A un anno dal 27 giugno 2022, insediamento del consiglio comunale, Arbus è cambiata? È la domanda che il gruppo consiliare Avanti Arbus con i suoi rappresentanti consiliari Michele Schirru, Veronica Aru, Gianni Lussu, Agostino Pilia e Annita Tatti pone ai cittadini attraverso un lungo comunicato dove viene meticolosamente analizzato a 360° l’operato dell’esecutivo guidato dal Sindaco Paolo Salis. «Esattamente un anno fa, il 27 giugno 2022, - ci racconta Michele Schirru capogruppo consiliare di Avanti Arbus che contese a Paolo Salis lo scranno di primo cittadino - dopo che lo scrutinio delle elezioni comunali di Arbus aveva decretato vincente la lista che oggi amministra la nostra cittadina con un risicato vantaggio rispetto alla nostra proposta politica, si è insediato il Consiglio Comunale del mandato amministrativo 2022-2027. Una vittoria impostata sul tentativo di isolare alcune parti politiche della nostra comunità, costruendo il grande fronte “dei migliori”, senza ideologie, ma soprattutto senza idee. Il fronte “dei migliori” guidato da Salis, che prometteva pragmatismo, immediatezza e concretezza, soluzioni già sul tavolo, problemi già risolti, cantieri e opere di immediato avvio, si è dimostrata effettuare la politica del gambero! Dicevano di contare su importanti amicizie politiche pronte a garantire un salto di qualità, il vero salto lo hanno fatto queste loro amicizie politiche, il paese solo salti indietro!» Cosa è rimasto di quella simbolica stretta di mano di un anno fa tra lei e il sindaco che faceva presagire una collaborazione reciproca e un nuovo modo di far politica? «Di quella stretta di mano, purtroppo, non è rimasto niente. Solo una cosa simbolica alla quale il primo cittadino nonostante l’impegno solenne preso non ha mai dato seguito. Ad un anno da quel giorno, nonostante le aperture di credito, - precisa Michele Schirru - l’invito a lavorare bene e collegialmente, e i tentativi di evitare la polemica fine a se stessa, dobbiamo rilevare la totale inconsistenza politico/amministrativa di questa amministrazione comunale che non porta a casa nessun risultato utile alla cittadinanza, nemmeno il minimo sindacale e fa certamente (e addirittura) peggio di chi li ha preceduti (la loro stessa amministrazione durata un anno e pochi mesi)». [caption id="attachment_115004" align="alignnone" width="700"]
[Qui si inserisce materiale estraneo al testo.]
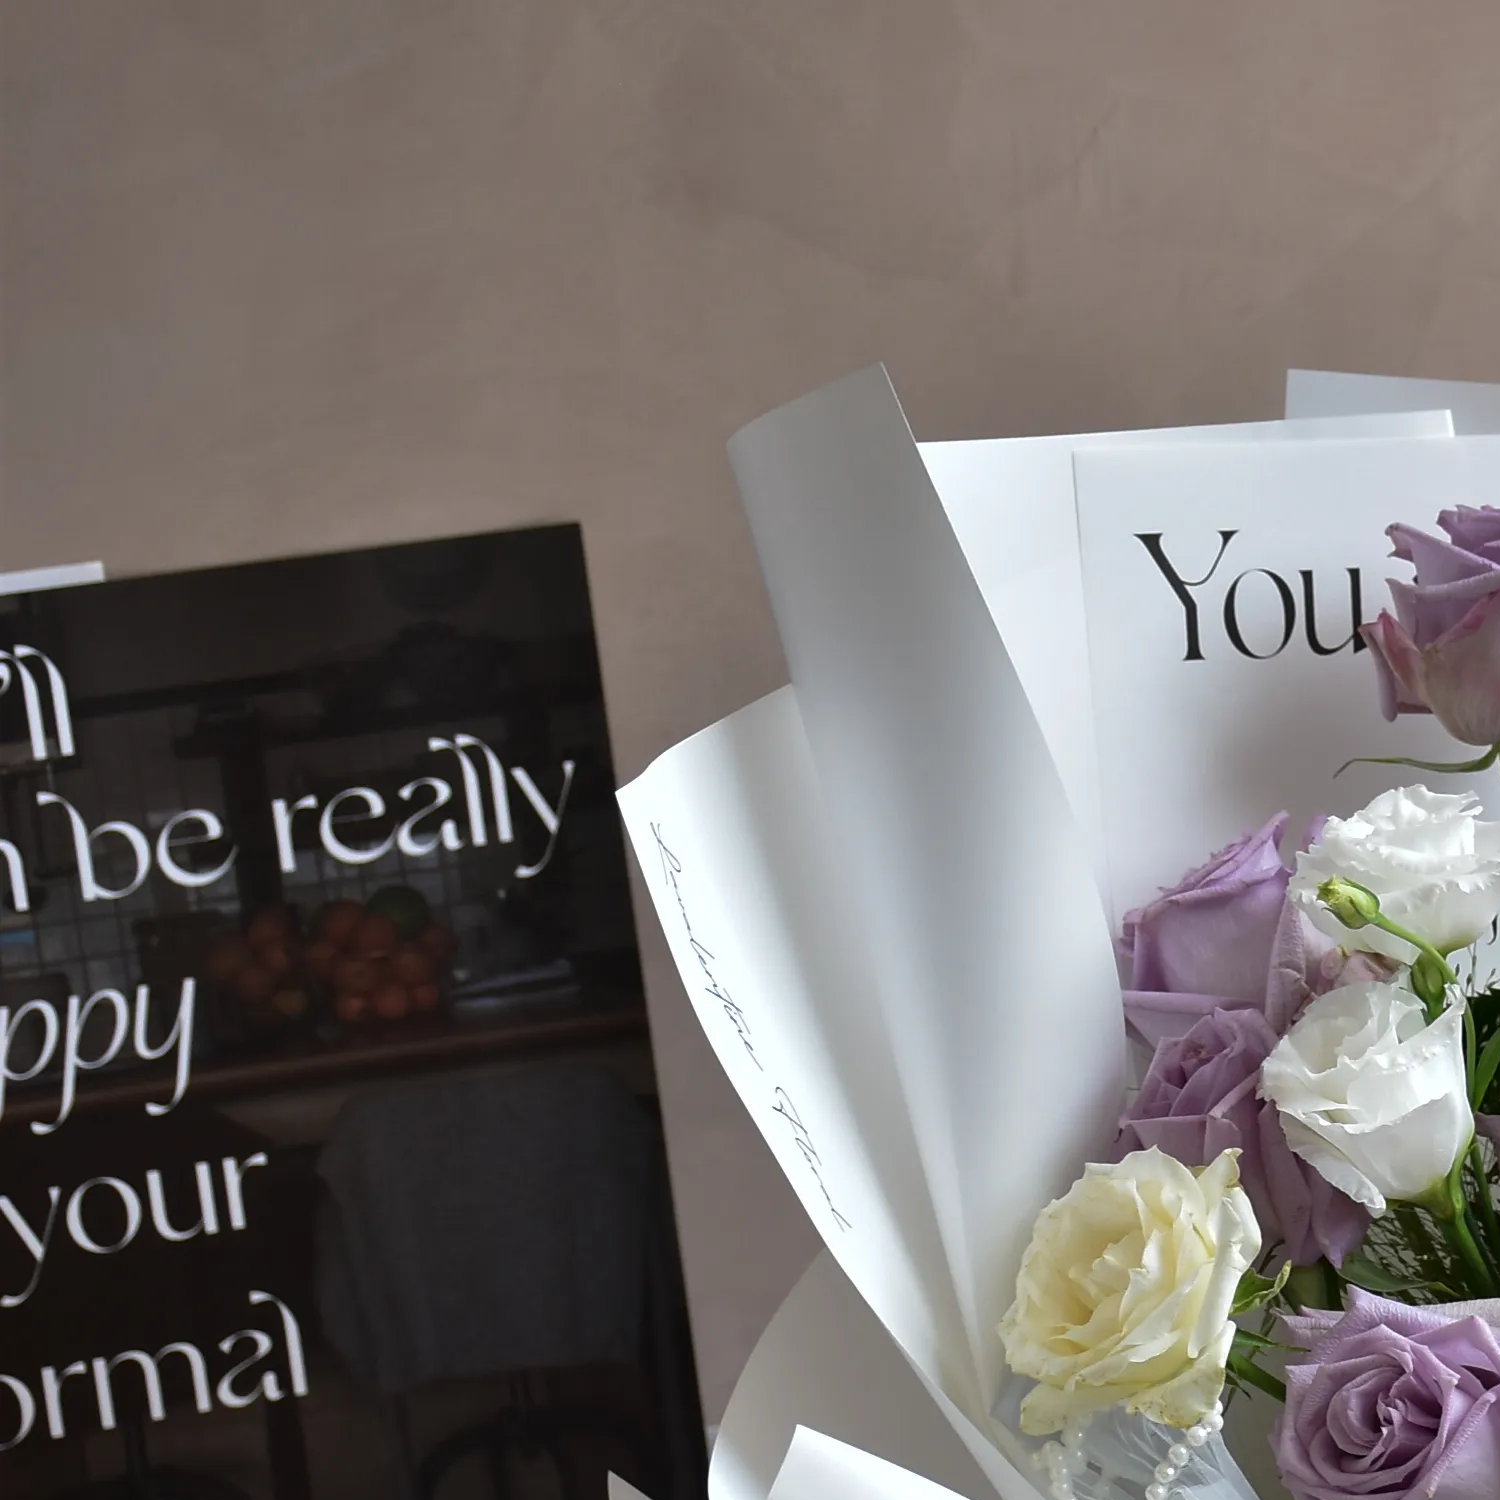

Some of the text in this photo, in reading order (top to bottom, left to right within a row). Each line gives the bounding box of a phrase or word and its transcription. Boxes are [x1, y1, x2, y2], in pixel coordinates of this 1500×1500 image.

Michele Schirru capogruppo "Avanti Arbus"[/caption]
Entriamo nello specifico. In cosa a suo parere l’azione amministrativa della maggioranza ha segnato il passo?
«Nessun nuovo servizio (anzi, alcuni di meno), nessuna opera realizzata, nessun importante investimento sulle infrastrutture del territorio, nessuna sensibilità e stimolo sulle attività socio-culturali, nessuna pianificazione sul settore turistico ormai abbandonato e senza guida, nessuna minima attività di decoro urbano con il paese sporco e pieno di erbacce, nessuna politica sul diritto allo studio e sul sociale, nessun investimento sullo sport e sugli impianti sportivi, il totale decadimento e deterioramento del patrimonio immobiliare comunale, la continua perdita di finanziamenti già ottenuti, l’assenza di qualsiasi attuazione del Piano Urbanistico, l’inattivismo sulla redazione del Piano dei litorali, la chiusura di imprese locali e attività commerciali, il totale abbandono delle aree pubbliche e dei beni comuni, gli Uffici comunali sempre più sguarniti di personale».
C’è qualche priorità amministrativa bisognosa di forte attenzione che si sente di suggerire al primo cittadino ?
«Nel loro programma, avevano scritto “L’obiettivo principale nel primo anno di mandato sarà la copertura, mediante concorsi pubblici, dei posti di lavoro vacanti, scegliendo prioritariamente le figure che rivestono un ruolo strategico per lo sviluppo e la ripresa dell’ente”. Nei dibattiti pubblici, di fronte al nostro realismo e alla nostra prudenza, avevano promesso risposte immediate. Chiacchiere: nessun fatto.
Oggi si vede solo poca attenzione - conclude fortemente amareggiato Michele Schirru - e molta approssimazione nel loro operato: speriamo che, nonostante le continue voci su dissidi e liti interne alla maggioranza il prossimo possa essere un anno di mandato migliore rispetto a questo disastro quotidiano».